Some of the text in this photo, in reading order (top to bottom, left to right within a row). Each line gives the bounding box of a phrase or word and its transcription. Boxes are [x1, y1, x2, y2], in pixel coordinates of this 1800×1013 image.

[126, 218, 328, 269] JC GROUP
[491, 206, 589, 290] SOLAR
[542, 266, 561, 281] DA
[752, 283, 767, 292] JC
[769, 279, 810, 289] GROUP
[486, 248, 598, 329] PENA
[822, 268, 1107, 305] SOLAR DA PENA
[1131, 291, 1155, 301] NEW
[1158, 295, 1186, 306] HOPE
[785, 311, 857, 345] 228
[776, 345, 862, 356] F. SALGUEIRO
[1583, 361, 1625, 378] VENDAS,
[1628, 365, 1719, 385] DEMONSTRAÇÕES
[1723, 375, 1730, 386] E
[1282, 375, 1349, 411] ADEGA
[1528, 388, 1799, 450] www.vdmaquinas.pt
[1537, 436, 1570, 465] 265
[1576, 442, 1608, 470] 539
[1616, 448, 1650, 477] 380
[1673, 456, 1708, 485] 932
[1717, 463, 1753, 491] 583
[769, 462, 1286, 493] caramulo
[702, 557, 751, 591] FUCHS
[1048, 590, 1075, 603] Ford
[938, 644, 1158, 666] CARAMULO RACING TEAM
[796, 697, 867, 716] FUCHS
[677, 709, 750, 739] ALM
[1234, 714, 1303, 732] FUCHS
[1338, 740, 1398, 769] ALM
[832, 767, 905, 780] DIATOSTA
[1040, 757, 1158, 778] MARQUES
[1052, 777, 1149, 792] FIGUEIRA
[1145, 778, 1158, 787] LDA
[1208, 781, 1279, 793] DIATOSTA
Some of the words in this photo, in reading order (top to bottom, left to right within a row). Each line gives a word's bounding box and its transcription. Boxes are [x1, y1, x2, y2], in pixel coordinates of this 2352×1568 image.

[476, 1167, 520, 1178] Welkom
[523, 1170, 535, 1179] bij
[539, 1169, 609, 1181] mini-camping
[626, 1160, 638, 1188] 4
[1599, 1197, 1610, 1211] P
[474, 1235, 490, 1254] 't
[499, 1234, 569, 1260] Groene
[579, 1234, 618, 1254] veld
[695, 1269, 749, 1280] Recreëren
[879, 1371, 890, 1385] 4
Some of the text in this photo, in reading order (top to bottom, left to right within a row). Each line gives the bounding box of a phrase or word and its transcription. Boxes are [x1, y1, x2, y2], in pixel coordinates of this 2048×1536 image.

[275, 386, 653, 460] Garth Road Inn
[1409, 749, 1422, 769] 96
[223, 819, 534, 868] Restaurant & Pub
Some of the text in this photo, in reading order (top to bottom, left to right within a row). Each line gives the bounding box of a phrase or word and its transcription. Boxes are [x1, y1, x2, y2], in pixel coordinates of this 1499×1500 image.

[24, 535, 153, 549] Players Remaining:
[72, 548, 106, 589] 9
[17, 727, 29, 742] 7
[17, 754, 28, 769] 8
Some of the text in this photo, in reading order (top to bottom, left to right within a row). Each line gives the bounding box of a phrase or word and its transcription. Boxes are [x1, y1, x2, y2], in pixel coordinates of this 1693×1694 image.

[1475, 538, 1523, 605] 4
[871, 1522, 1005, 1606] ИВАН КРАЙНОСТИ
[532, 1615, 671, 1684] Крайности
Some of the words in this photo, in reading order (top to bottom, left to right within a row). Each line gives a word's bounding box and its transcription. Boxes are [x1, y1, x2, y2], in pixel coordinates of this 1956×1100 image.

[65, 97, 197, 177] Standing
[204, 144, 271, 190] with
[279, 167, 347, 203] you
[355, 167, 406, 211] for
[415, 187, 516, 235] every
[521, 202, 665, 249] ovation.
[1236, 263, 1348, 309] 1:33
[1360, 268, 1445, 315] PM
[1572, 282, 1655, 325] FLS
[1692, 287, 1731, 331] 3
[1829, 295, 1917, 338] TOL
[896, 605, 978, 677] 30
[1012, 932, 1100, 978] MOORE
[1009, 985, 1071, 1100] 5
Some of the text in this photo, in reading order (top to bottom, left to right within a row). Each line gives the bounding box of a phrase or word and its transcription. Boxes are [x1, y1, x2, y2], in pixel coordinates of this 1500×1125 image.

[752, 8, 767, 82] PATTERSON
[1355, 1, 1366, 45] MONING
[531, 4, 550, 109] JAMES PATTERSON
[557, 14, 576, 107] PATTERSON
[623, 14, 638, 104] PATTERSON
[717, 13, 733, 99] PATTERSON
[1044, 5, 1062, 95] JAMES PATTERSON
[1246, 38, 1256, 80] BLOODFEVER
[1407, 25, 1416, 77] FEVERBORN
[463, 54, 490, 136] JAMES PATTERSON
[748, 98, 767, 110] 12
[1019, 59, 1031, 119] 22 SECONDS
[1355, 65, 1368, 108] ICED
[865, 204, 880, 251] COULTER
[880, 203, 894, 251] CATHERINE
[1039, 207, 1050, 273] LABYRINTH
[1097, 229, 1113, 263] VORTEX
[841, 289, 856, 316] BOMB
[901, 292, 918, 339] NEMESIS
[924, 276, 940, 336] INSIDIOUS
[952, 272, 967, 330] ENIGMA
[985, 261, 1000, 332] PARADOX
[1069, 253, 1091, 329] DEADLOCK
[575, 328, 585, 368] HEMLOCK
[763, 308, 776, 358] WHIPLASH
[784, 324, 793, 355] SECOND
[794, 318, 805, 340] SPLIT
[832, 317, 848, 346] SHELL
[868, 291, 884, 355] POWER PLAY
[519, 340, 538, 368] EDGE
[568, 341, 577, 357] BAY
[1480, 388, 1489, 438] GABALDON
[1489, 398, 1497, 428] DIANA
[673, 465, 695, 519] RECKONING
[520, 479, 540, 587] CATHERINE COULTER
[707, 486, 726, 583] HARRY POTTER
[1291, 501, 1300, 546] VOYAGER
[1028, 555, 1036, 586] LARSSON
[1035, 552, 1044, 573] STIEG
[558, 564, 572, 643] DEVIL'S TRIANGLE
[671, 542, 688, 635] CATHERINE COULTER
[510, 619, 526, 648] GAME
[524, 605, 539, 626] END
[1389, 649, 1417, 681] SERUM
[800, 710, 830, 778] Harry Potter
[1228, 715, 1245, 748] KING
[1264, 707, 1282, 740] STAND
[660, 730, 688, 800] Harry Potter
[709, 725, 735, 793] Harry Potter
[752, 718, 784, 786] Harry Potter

▶ [Exercise prompt]
Each entry, exactly as written, should be set down once more.

▶ [Solved exercise]
Some of the text in this photo, in reading order (top to bottom, left to right within a row). Each line gives the bounding box of a phrase or word and its transcription. Boxes are [x1, y1, x2, y2], in pixel coordinates of this 1800×1013 image.

[126, 218, 328, 269] JC GROUP
[491, 206, 589, 290] SOLAR
[542, 266, 561, 281] DA
[752, 283, 767, 292] JC
[769, 279, 810, 289] GROUP
[486, 248, 598, 329] PENA
[822, 268, 1107, 305] SOLAR DA PENA
[1131, 291, 1155, 301] NEW
[1158, 295, 1186, 306] HOPE
[785, 311, 857, 345] 228
[776, 345, 862, 356] F. SALGUEIRO
[1583, 361, 1625, 378] VENDAS,
[1628, 365, 1719, 385] DEMONSTRAÇÕES
[1723, 375, 1730, 386] E
[1282, 375, 1349, 411] ADEGA
[1528, 388, 1799, 450] www.vdmaquinas.pt
[1537, 436, 1570, 465] 265
[1576, 442, 1608, 470] 539
[1616, 448, 1650, 477] 380
[1673, 456, 1708, 485] 932
[1717, 463, 1753, 491] 583
[769, 462, 1286, 493] caramulo
[702, 557, 751, 591] FUCHS
[1048, 590, 1075, 603] Ford
[938, 644, 1158, 666] CARAMULO RACING TEAM
[796, 697, 867, 716] FUCHS
[677, 709, 750, 739] ALM
[1234, 714, 1303, 732] FUCHS
[1338, 740, 1398, 769] ALM
[832, 767, 905, 780] DIATOSTA
[1040, 757, 1158, 778] MARQUES
[1052, 777, 1149, 792] FIGUEIRA
[1145, 778, 1158, 787] LDA
[1208, 781, 1279, 793] DIATOSTA
Some of the words in this photo, in reading order (top to bottom, left to right within a row). Each line gives a word's bounding box and its transcription. Boxes are [x1, y1, x2, y2], in pixel coordinates of this 2352×1568 image.

[476, 1167, 520, 1178] Welkom
[523, 1170, 535, 1179] bij
[539, 1169, 609, 1181] mini-camping
[626, 1160, 638, 1188] 4
[1599, 1197, 1610, 1211] P
[474, 1235, 490, 1254] 't
[499, 1234, 569, 1260] Groene
[579, 1234, 618, 1254] veld
[695, 1269, 749, 1280] Recreëren
[879, 1371, 890, 1385] 4
Some of the text in this photo, in reading order (top to bottom, left to right within a row). Each line gives the bounding box of a phrase or word and its transcription. Boxes are [x1, y1, x2, y2], in pixel coordinates of this 2048×1536 image.

[275, 386, 653, 460] Garth Road Inn
[1409, 749, 1422, 769] 96
[223, 819, 534, 868] Restaurant & Pub
Some of the text in this photo, in reading order (top to bottom, left to right within a row). Each line gives the bounding box of a phrase or word and its transcription. Boxes are [x1, y1, x2, y2], in pixel coordinates of this 1499×1500 image.

[24, 535, 153, 549] Players Remaining:
[72, 548, 106, 589] 9
[17, 727, 29, 742] 7
[17, 754, 28, 769] 8
Some of the text in this photo, in reading order (top to bottom, left to right within a row). Each line gives the bounding box of a phrase or word and its transcription. Boxes are [x1, y1, x2, y2], in pixel coordinates of this 1693×1694 image.

[1475, 538, 1523, 605] 4
[871, 1522, 1005, 1606] ИВАН КРАЙНОСТИ
[532, 1615, 671, 1684] Крайности
Some of the words in this photo, in reading order (top to bottom, left to right within a row). Each line gives a word's bounding box and its transcription. Boxes are [x1, y1, x2, y2], in pixel coordinates of this 1956×1100 image.

[65, 97, 197, 177] Standing
[204, 144, 271, 190] with
[279, 167, 347, 203] you
[355, 167, 406, 211] for
[415, 187, 516, 235] every
[521, 202, 665, 249] ovation.
[1236, 263, 1348, 309] 1:33
[1360, 268, 1445, 315] PM
[1572, 282, 1655, 325] FLS
[1692, 287, 1731, 331] 3
[1829, 295, 1917, 338] TOL
[896, 605, 978, 677] 30
[1012, 932, 1100, 978] MOORE
[1009, 985, 1071, 1100] 5
Some of the text in this photo, in reading order (top to bottom, left to right within a row). Each line gives the bounding box of a phrase or word and its transcription. Boxes are [x1, y1, x2, y2], in pixel coordinates of this 1500×1125 image.

[752, 8, 767, 82] PATTERSON
[1355, 1, 1366, 45] MONING
[531, 4, 550, 109] JAMES PATTERSON
[557, 14, 576, 107] PATTERSON
[623, 14, 638, 104] PATTERSON
[717, 13, 733, 99] PATTERSON
[1044, 5, 1062, 95] JAMES PATTERSON
[1246, 38, 1256, 80] BLOODFEVER
[1407, 25, 1416, 77] FEVERBORN
[463, 54, 490, 136] JAMES PATTERSON
[748, 98, 767, 110] 12
[1019, 59, 1031, 119] 22 SECONDS
[1355, 65, 1368, 108] ICED
[865, 204, 880, 251] COULTER
[880, 203, 894, 251] CATHERINE
[1039, 207, 1050, 273] LABYRINTH
[1097, 229, 1113, 263] VORTEX
[841, 289, 856, 316] BOMB
[901, 292, 918, 339] NEMESIS
[924, 276, 940, 336] INSIDIOUS
[952, 272, 967, 330] ENIGMA
[985, 261, 1000, 332] PARADOX
[1069, 253, 1091, 329] DEADLOCK
[575, 328, 585, 368] HEMLOCK
[763, 308, 776, 358] WHIPLASH
[784, 324, 793, 355] SECOND
[794, 318, 805, 340] SPLIT
[832, 317, 848, 346] SHELL
[868, 291, 884, 355] POWER PLAY
[519, 340, 538, 368] EDGE
[568, 341, 577, 357] BAY
[1480, 388, 1489, 438] GABALDON
[1489, 398, 1497, 428] DIANA
[673, 465, 695, 519] RECKONING
[520, 479, 540, 587] CATHERINE COULTER
[707, 486, 726, 583] HARRY POTTER
[1291, 501, 1300, 546] VOYAGER
[1028, 555, 1036, 586] LARSSON
[1035, 552, 1044, 573] STIEG
[558, 564, 572, 643] DEVIL'S TRIANGLE
[671, 542, 688, 635] CATHERINE COULTER
[510, 619, 526, 648] GAME
[524, 605, 539, 626] END
[1389, 649, 1417, 681] SERUM
[800, 710, 830, 778] Harry Potter
[1228, 715, 1245, 748] KING
[1264, 707, 1282, 740] STAND
[660, 730, 688, 800] Harry Potter
[709, 725, 735, 793] Harry Potter
[752, 718, 784, 786] Harry Potter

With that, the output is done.